Maderas, Cienc. tecnol. vol.18 no.3 Concepción jul. 2016 


Effect of mechanical treatment on properties of cellulose nanofibrils produced from bleached hardwood and softwood pulps

P. Lekha1,♠, A. Mtibe2,3, T.E. Motaung4, J.E. Andrew1, B.B. Sitholè1,5, M. Gibril5

1Council for Scientific and Industrial Research (CSIR), Forestry and Forest Products Research Centre, Durban, South Africa.
2Council for Scientific and Industrial Research (CSIR), Nonwovens and Composites Research Group, 4 Gomery Avenue, Summerstrand, South Africa.
3Department of Textile Science, Faculty of Science, Nelson Mandela Metropolitan University, Port Elizabeth, South Africa.
4Department of Chemistry, University of Zululand, KwaDlangezwa, South Africa.
5Discipline of Chemical Engineering, University of KwaZulu-Natal, Durban, South Africa.

Corresponding author


Bleached hardwood and softwood South African kraft pulps were passed through a commercially available micro grinder for varying number of passes and the properties of the resultant pulps were assessed periodically using microscopy, Fourier transform infrared spectroscopy (FTIR), X-ray crystallography (XRD) and Thermogravimetric analysis (TGA).
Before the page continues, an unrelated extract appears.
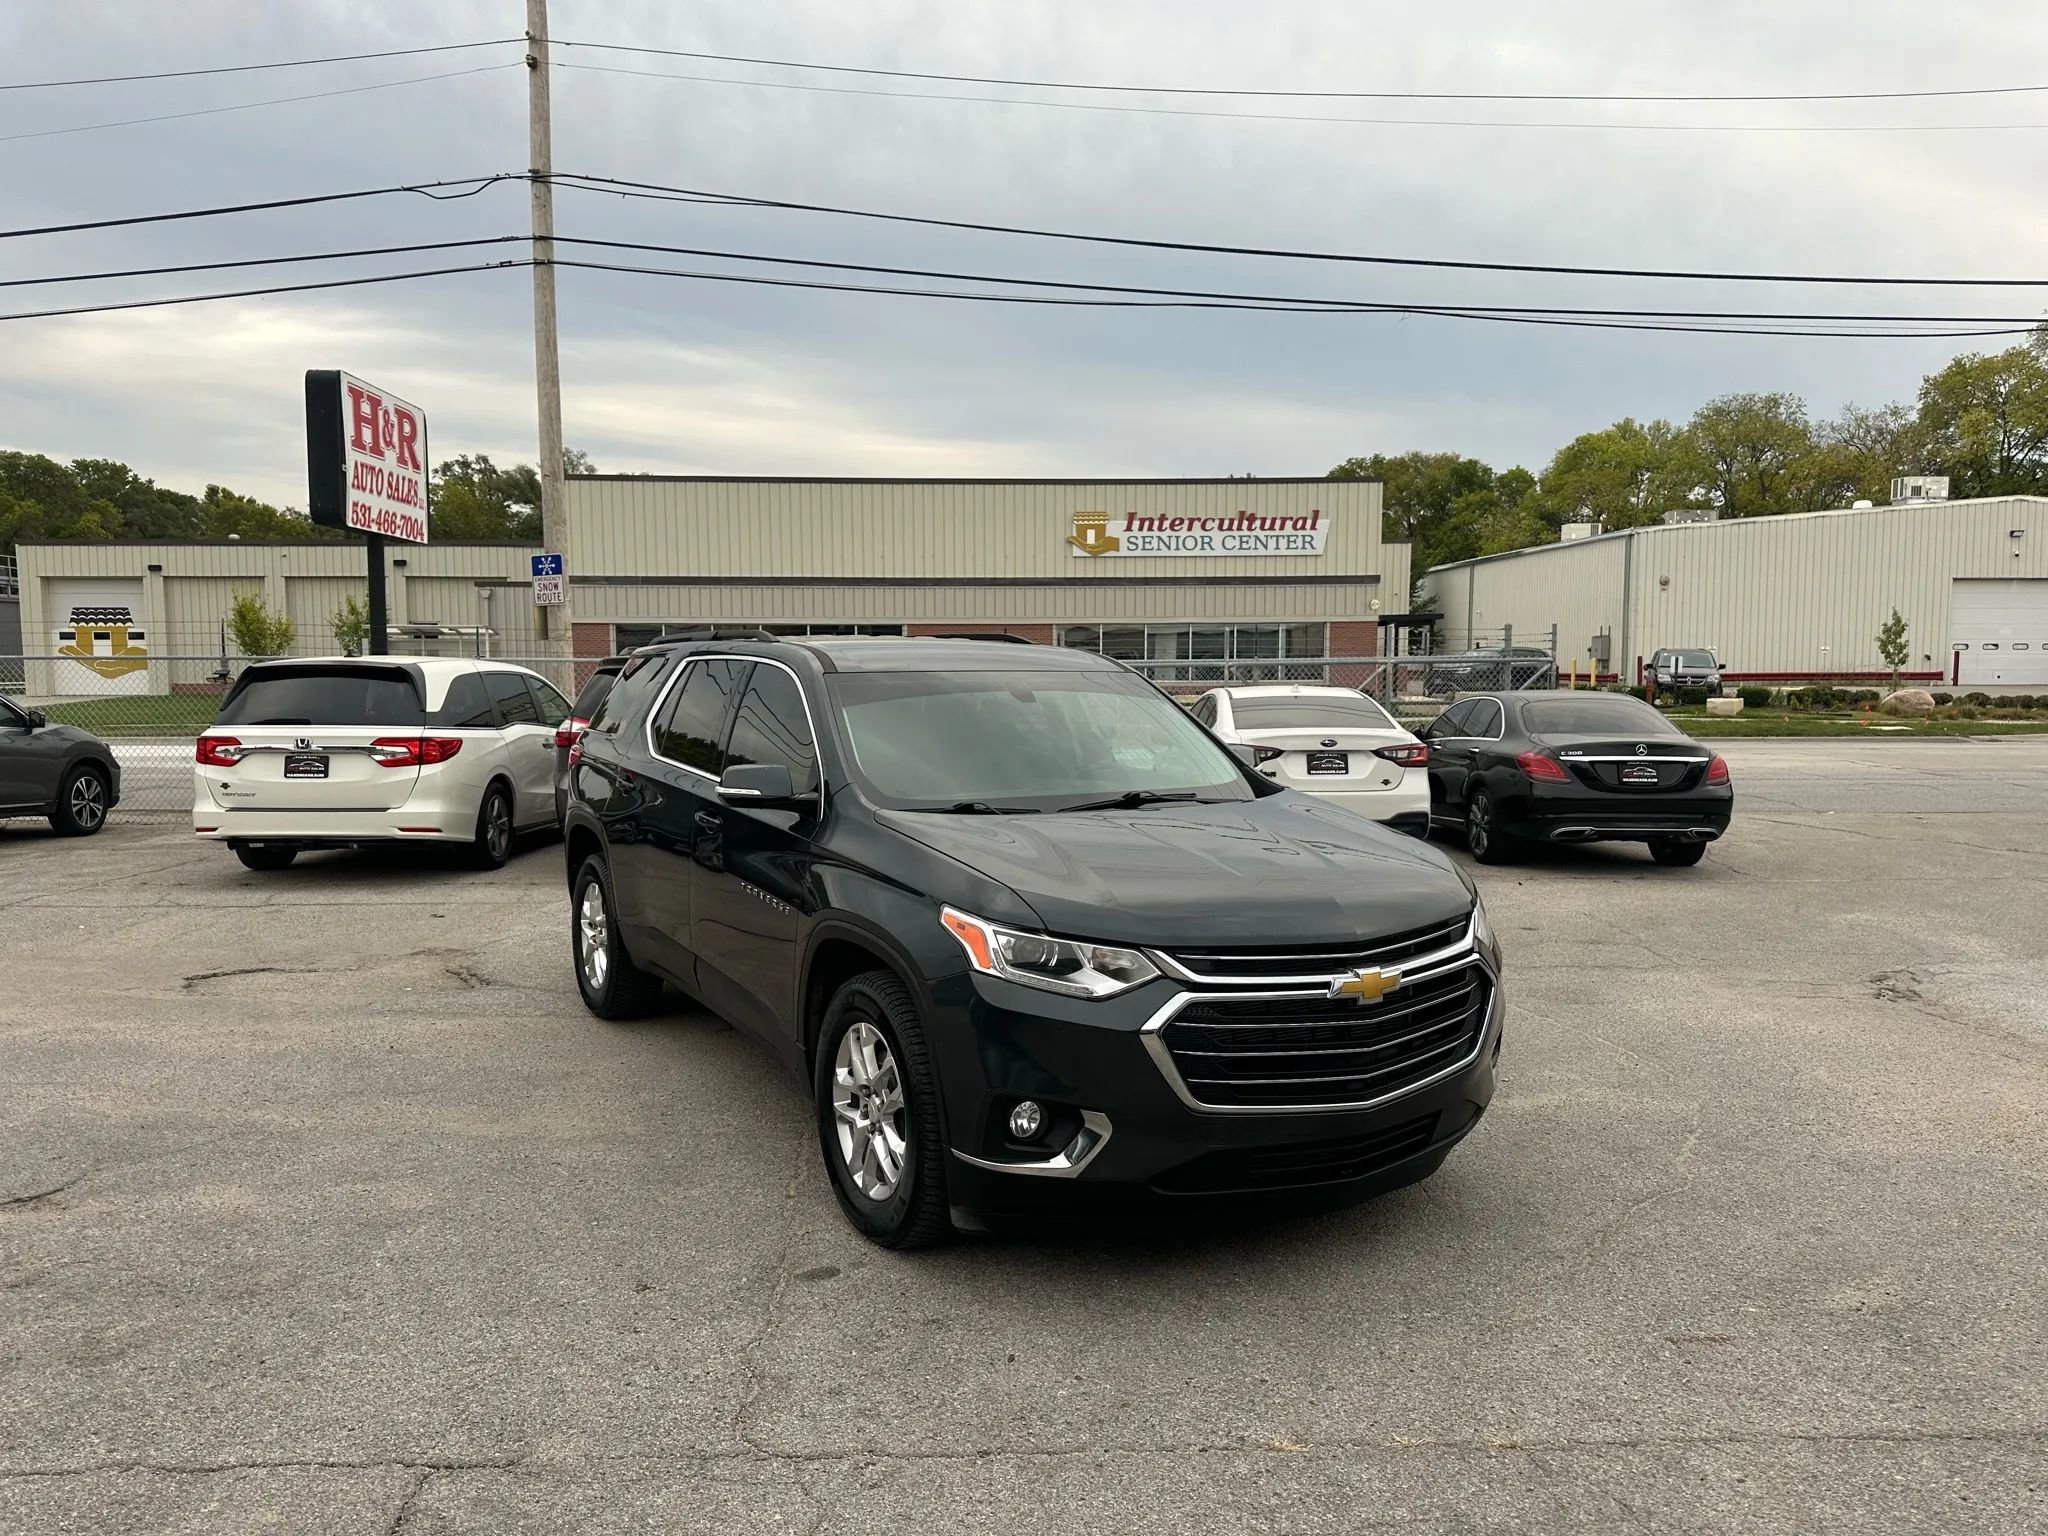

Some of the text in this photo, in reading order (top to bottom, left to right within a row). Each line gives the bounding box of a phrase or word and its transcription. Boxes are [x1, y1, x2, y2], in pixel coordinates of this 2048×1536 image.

The ultrastructural analysis of the pulp fibres revealed that after 120 passes both hardwood and softwood bleached fibres showed the presence of cellulose nanofibres (CNFs). The FTIR analysis showed no modification to the cellulose structure and side groups upon treatment with the supermasscolloider (SMC). Both hardwood and softwood pulp fibres showed a decline in crystallinity after SMC treatment. For the hardwood pulps there were no major differences between the untreated pulps and those passed through the SMC. In the case of the softwood pulps, the SMC treatment resulted in more thermally stable CNFs compared with the untreated bleached pulps. This was observed at several levels of treatment (40, 120 and 200 passes). After 200 passes both the hardwood and softwood kraft pulp fibres produced CNFs with an average width of 11 nm and lengths with several micrometers.

Keywords: Cellulose nanofibrils, Supermasscolloider, South African, TGA, transmission electron microscopy, XRD.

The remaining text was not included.